Grosseto (rad-net) - Heute startet die 31. Auflage des Giro d'Italia Internazionale Femminile, besser bekannt unter dem Titel Giro Rosa. Die einzige Grand Tour für Frauen geht in diesem Jahr über neun Etappen und insgesamt 971,8 Kilometer. Über diese Distanz erwartet die Frauen eine herausfordernde Strecke mit vier Bergankünften und einigen Höhenmetern.
Ursprünglich war die Rundfahrt vom 26. Juni bis 5. Juli geplant, musste aber auch aufgrund der Corona-Pandemie verschoben werden. Aufgrund dessen wurde auch die Anzahl der Etappen von zehn auf neun reduziert. Eigentlich war das der Plan, damit die Athletinnen rechtzeitig zur Straßen-Weltmeisterschaft in die Schweiz gelangen konnten, die allerdings nun nach Italien verlegt wurde und erst am 24. September beginnt. Anders als sonst, wird die diesjährige Ausgabe im zentralen und südlichen Teil Italiens ausgetragen und führt durch die Regionen der Toskana, Umbrien, Latium, Kampanien und Apulien.
Die Strecke
Der Standortwechsel bedeutet jedoch nicht, dass es einfacher für die Frauen wird, da die ersten vier Tage aus einem Mannschaftszeitfahren, einer Etappe im Strade Bianche-Stil mit Schotterabschnitten sowie zwei Bergankünften besteht.
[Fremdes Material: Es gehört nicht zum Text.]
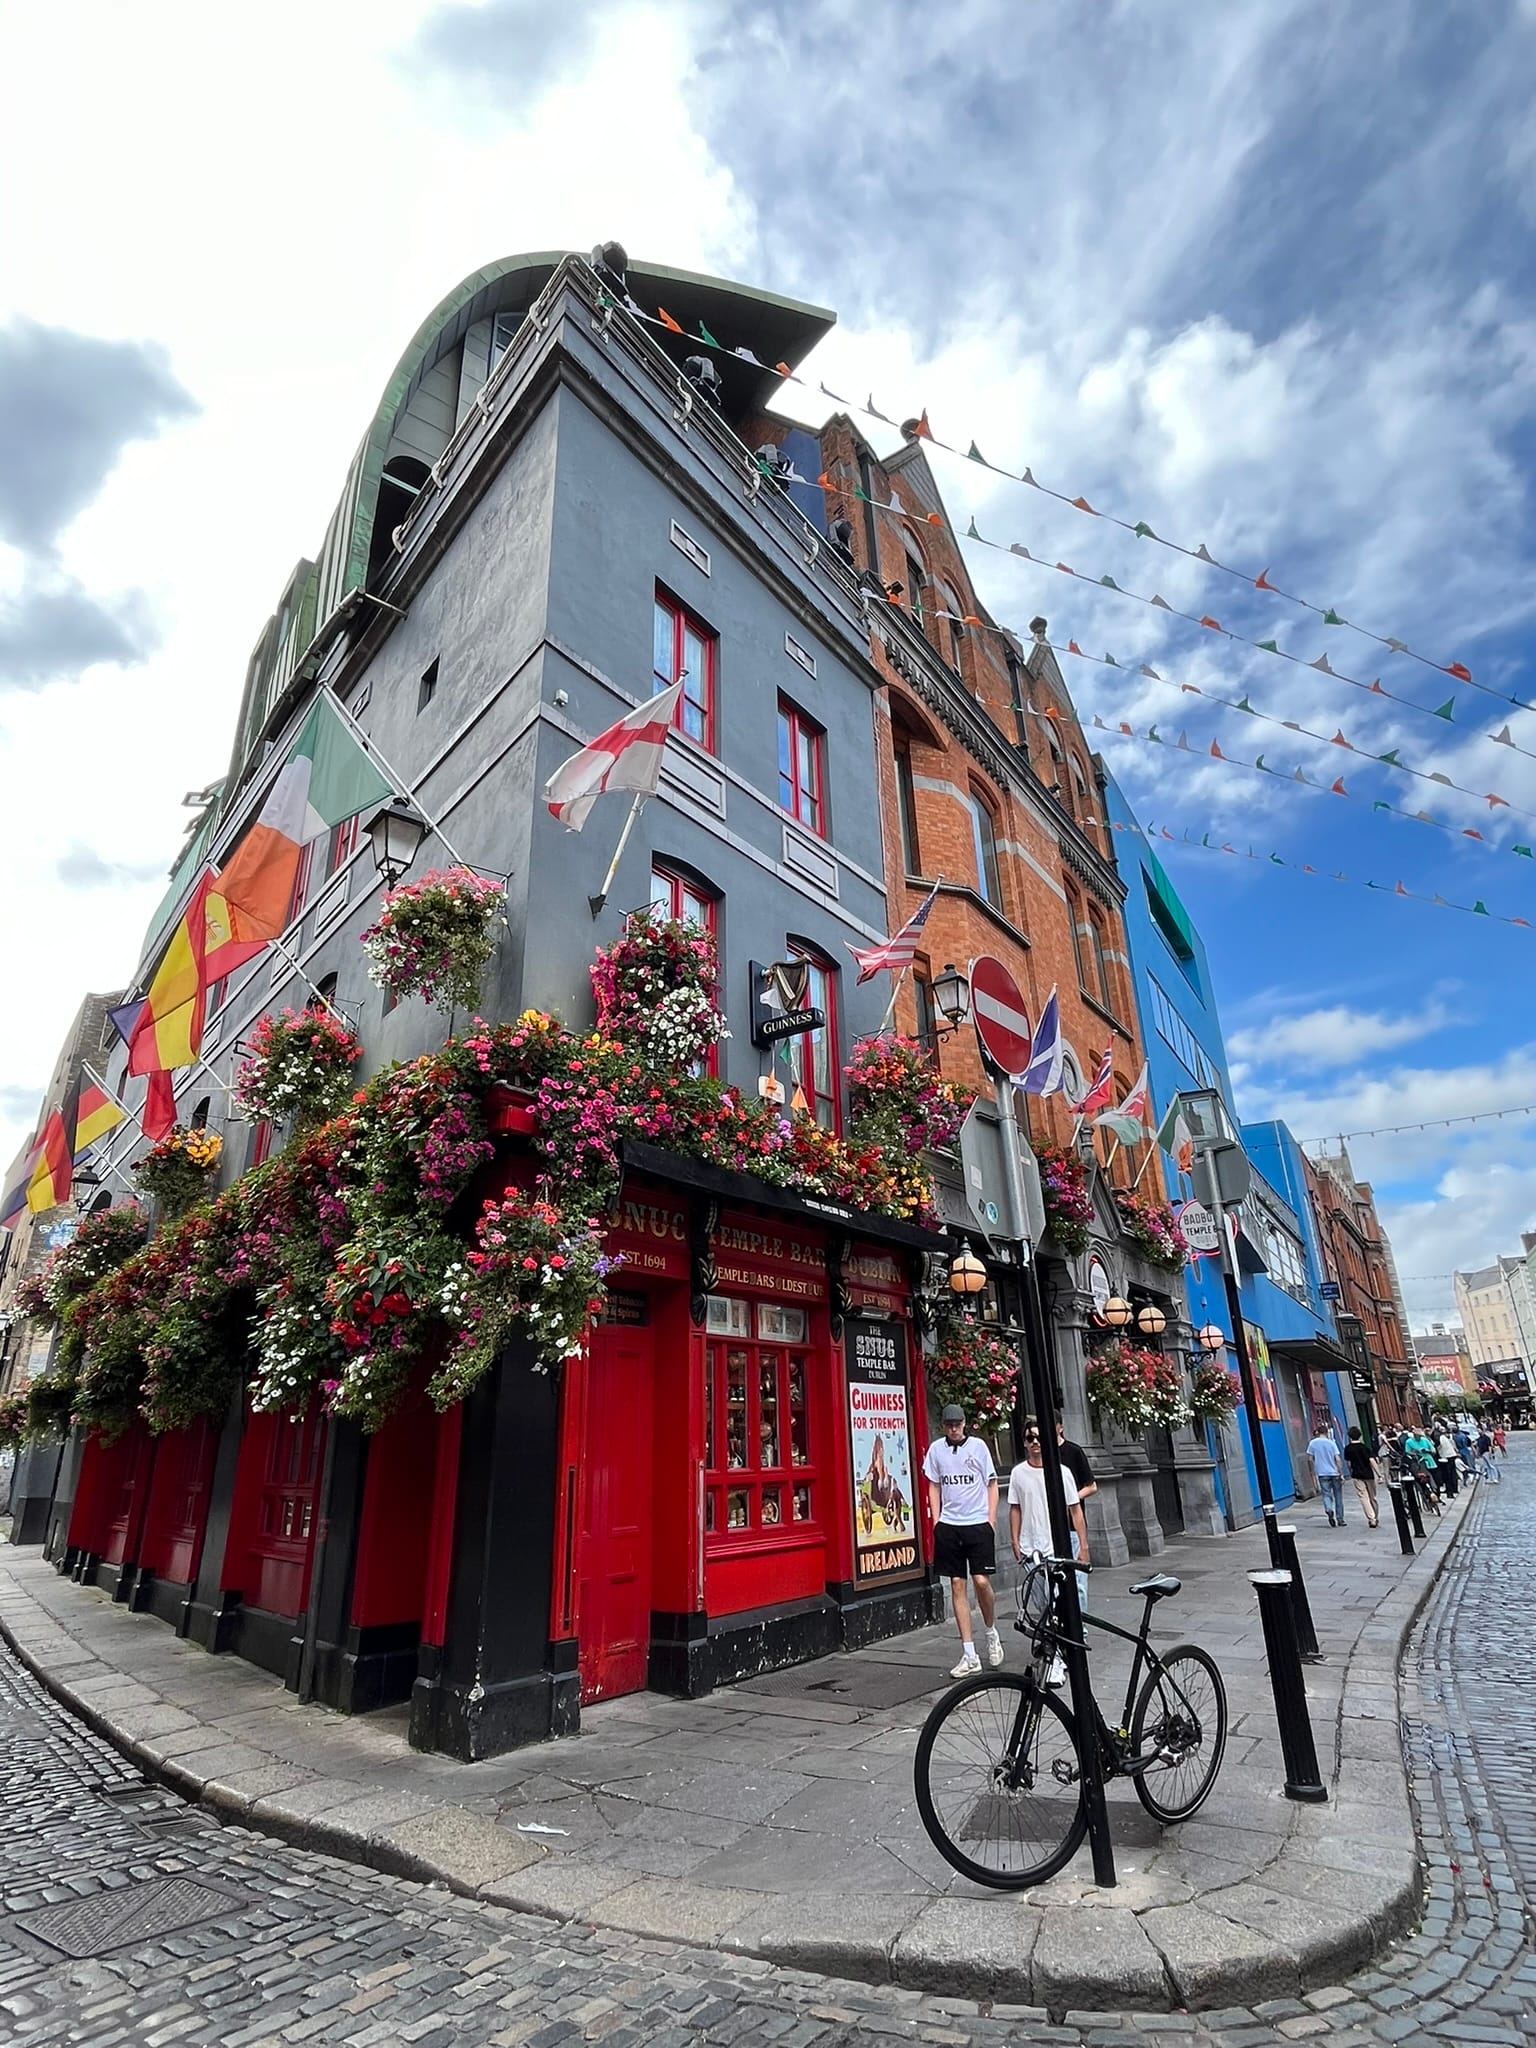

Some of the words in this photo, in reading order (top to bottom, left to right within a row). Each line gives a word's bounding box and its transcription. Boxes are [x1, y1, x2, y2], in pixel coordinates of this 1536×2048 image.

[763, 1011, 813, 1035] GUINNESS
[1183, 1213, 1213, 1225] BADBO
[1186, 1226, 1211, 1236] TEMPLE
[644, 1254, 666, 1270] 1694
[790, 1241, 826, 1268] BAR
[848, 1256, 902, 1283] DUBLIN
[717, 1266, 749, 1284] EMPLE
[776, 1277, 807, 1294] OLDEST
[869, 1326, 881, 1335] THE
[855, 1335, 895, 1359] SNUG
[856, 1357, 882, 1369] TEMPLE
[882, 1360, 896, 1370] BAR
[868, 1371, 887, 1379] DUBLIN
[852, 1389, 904, 1411] GUINNESS
[853, 1417, 867, 1429] FOR
[869, 1417, 905, 1430] STRENGTH
[860, 1546, 916, 1574] IRELAND
Der Kampf gegen die Uhr findet rund um Grosseto statt und ist 16,8 Kilometer lang. Hier können die Sieganwärterinnen schon einiges an Boden gut machen - oder auch verlieren. Ähnlich sieht das auf der zweiten Etappe aus. Der erste Schottersektor befindet sich nach nur 14 Kilometern. Dann führt der Weg das Peloton den Monte Amiata bis zum Aufstieg von Seggiano über teilweise unbefestigten Straßen, bis nur noch elf Kilometer zu fahren sind.
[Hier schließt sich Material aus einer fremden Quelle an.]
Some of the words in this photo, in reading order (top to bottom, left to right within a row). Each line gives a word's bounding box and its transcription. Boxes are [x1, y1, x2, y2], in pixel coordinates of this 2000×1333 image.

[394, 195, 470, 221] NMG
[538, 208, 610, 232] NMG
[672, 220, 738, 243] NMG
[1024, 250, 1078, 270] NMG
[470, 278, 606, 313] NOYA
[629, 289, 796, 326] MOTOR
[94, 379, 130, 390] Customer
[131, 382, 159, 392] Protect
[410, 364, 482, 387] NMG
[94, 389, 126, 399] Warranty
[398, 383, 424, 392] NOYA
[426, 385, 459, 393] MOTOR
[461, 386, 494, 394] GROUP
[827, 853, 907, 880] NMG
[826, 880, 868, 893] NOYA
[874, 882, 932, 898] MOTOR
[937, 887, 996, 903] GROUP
Die erste Bergankunft wartet am dritten Tag in Assisi auf die Fahrerinnen, die in Santa Fiora gestartet sind. Nach hügeligen 142,2 Kilometern muss das Feld einen Anstieg der ersten Kategorie zur Ziellinie bewältigen. Bei der vierten Etappe, die von Assisi bis Tivoli führt, haben sich die Veranstalter etwas Besonderes einfallen lassen. Mit der Gesamtstrecke von 170,3 Kilometern übersteigt die Route das von der UCI empfohlene Maximum für ein Damenrennen um gut zehn Kilometer - so ist nicht nur die Bergankunft eine Herausforderung, sondern für viele sicherlich auch die Distanz.
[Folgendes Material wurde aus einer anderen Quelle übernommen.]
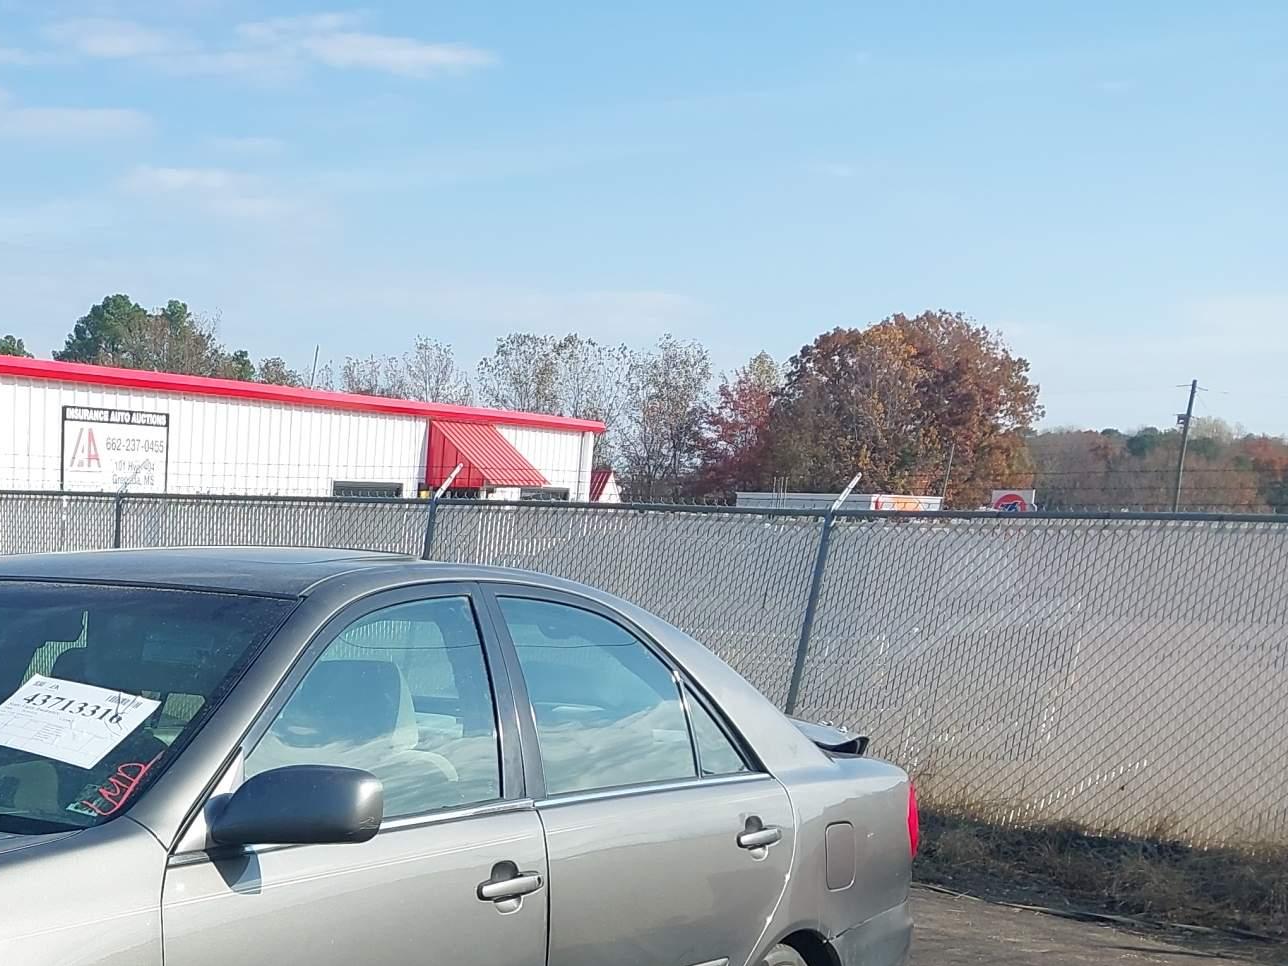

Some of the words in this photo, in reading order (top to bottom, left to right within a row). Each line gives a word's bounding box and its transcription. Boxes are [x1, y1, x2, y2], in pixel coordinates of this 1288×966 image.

Am fünften Tag dürften erstmals die Sprinterinnen zum Zuge kommen. Die sechste Etappe von Torre del Greco nach Nola ist mit 97,5 Kilometern kurz, aber auch nicht einfach. 25 Kilometer vor dem Ziel wird der letzte Gipfel überwunden, ehe eine lange Abfahrt ins Ziel erfolgt. Eventuell haben hier auch einige schnelle Fahrer noch einmal die Chance, aufzuschließen und um den Tagessieg mitzufahren. Von Nola geht es auf der siebten Etappe schließlich weiter nach Maddaloni. Die 112,5 Kilometer lange Route weist ein eher hügeliges Profil auf.
Die achte und neunte Etappe enthalten schließlich zwei weitere Bergankünfte - und die Entscheidung um den Gesamtsieg wird voraussichtlich nicht vor dem Schlusstag fallen. Während der vorletzte Tag mit 91,4 Kilometern von Castelnuovo della Daunia nach San Marco La Catola das kürzeste Teilstück ist, müssen die Fahrerinnen zwei steile Anstiege der zweiten Kategorie bewältigen, bevor es auf dem neunten Teilstück ernst wird. Der finale Abschnitt des Giro Rosa ist dafür gerüstet, Überraschungen bereitzuhalten. Die Veranstalter haben um Motta Montecorvino eine Strecke über 109,8 Kilometer kreiert, die erneut mit dem Volturno einen Berg der zweiten Kategorie beinhaltet. Die 27,5 Kilometer lange Runde wird insgesamt viermal befahren.
Die Favoritinnen
24 Teams aus 14 verschiedenen Nationen werden an der Ausgabe 2020 teilnehmen. Acht sind UCI Women's WorldTeams und die restlichen 16 sind UCI Women's Continental Teams. Titelverteidigerin ist Annemiek van Vleuten, die die Italien-Rundfahrt in den vergangenen beiden Jahren schon für sich entschied. Mit ihrem kürzlich gewonnen Europameistertitel und ihren bereits sechs Saisonsiegen hat die Niederländerin bereits bewiesen, dass wieder mit ihr zu rechnen ist. Viele stellen sich auch die Frage, ob die Weltmeisterin überhaupt zu schlagen ist.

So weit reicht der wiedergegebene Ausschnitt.